─── The input ───

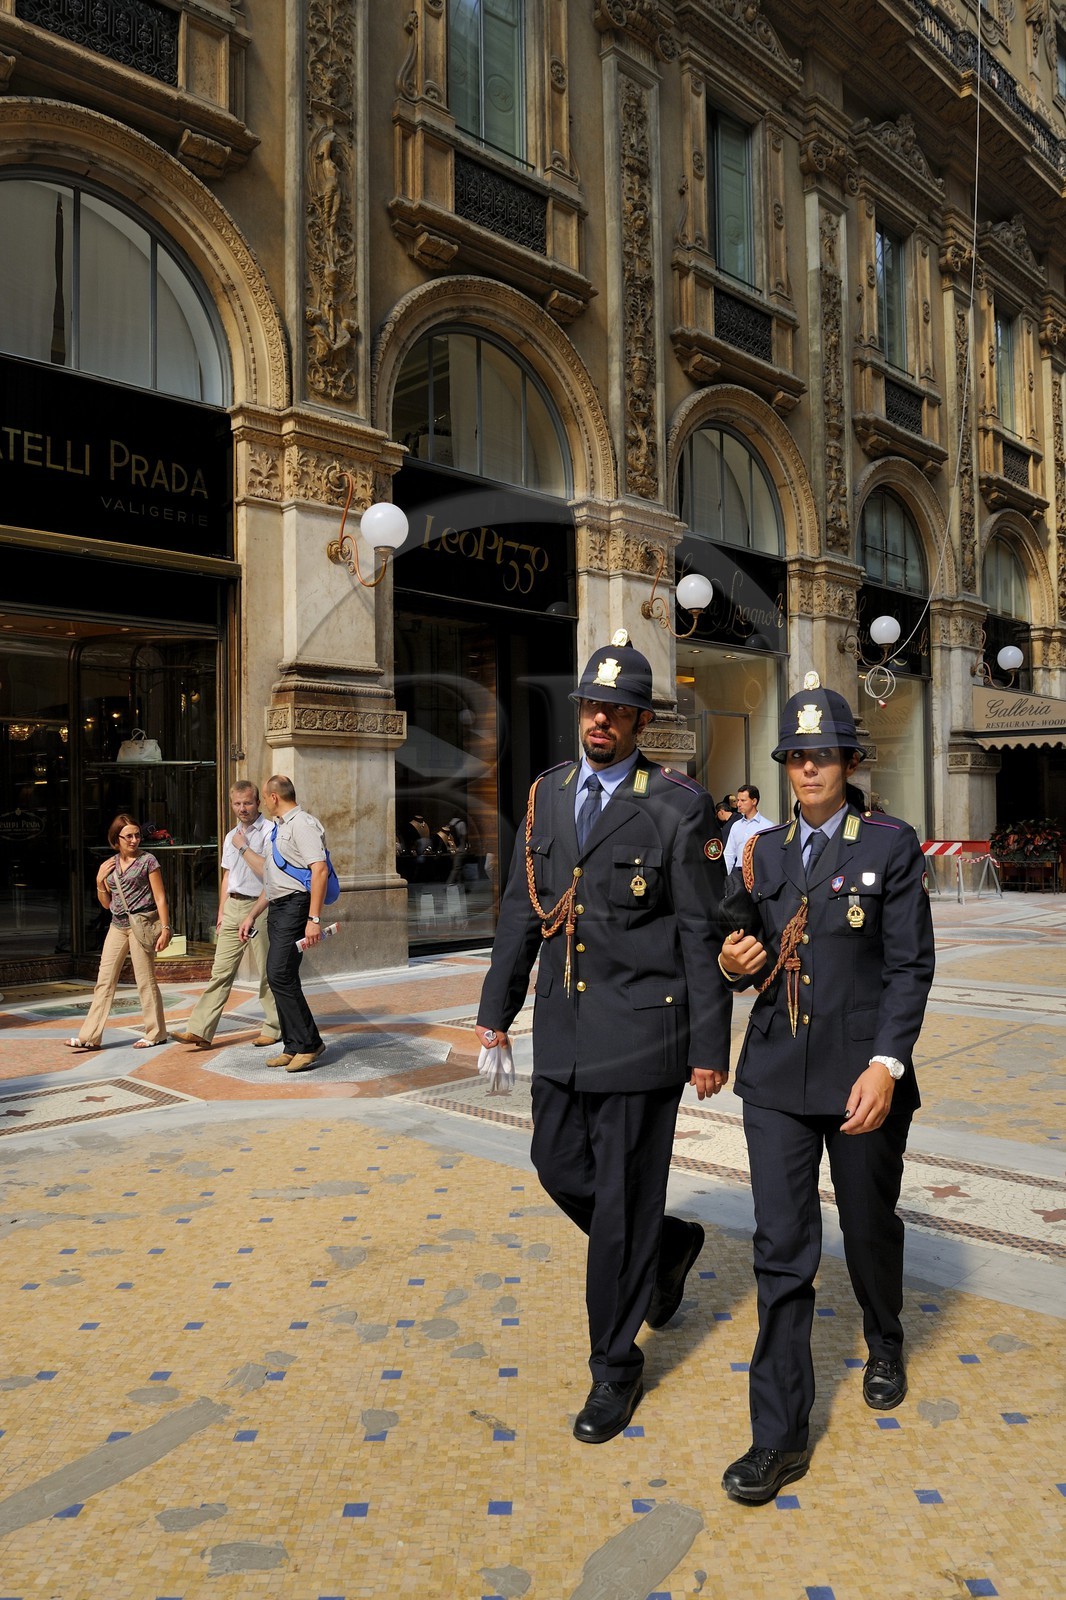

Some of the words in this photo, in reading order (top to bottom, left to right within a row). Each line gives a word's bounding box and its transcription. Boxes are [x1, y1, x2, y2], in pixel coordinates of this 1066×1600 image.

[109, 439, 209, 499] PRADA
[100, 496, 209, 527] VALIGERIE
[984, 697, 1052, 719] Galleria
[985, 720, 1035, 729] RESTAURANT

───

__Action item__: With the pictures removed, return all the entries exactly.

__Solution to the exercise__:
Some of the words in this photo, in reading order (top to bottom, left to right within a row). Each line gives a word's bounding box and its transcription. Boxes are [x1, y1, x2, y2], in pixel coordinates of this 1066×1600 image.

[109, 439, 209, 499] PRADA
[100, 496, 209, 527] VALIGERIE
[984, 697, 1052, 719] Galleria
[985, 720, 1035, 729] RESTAURANT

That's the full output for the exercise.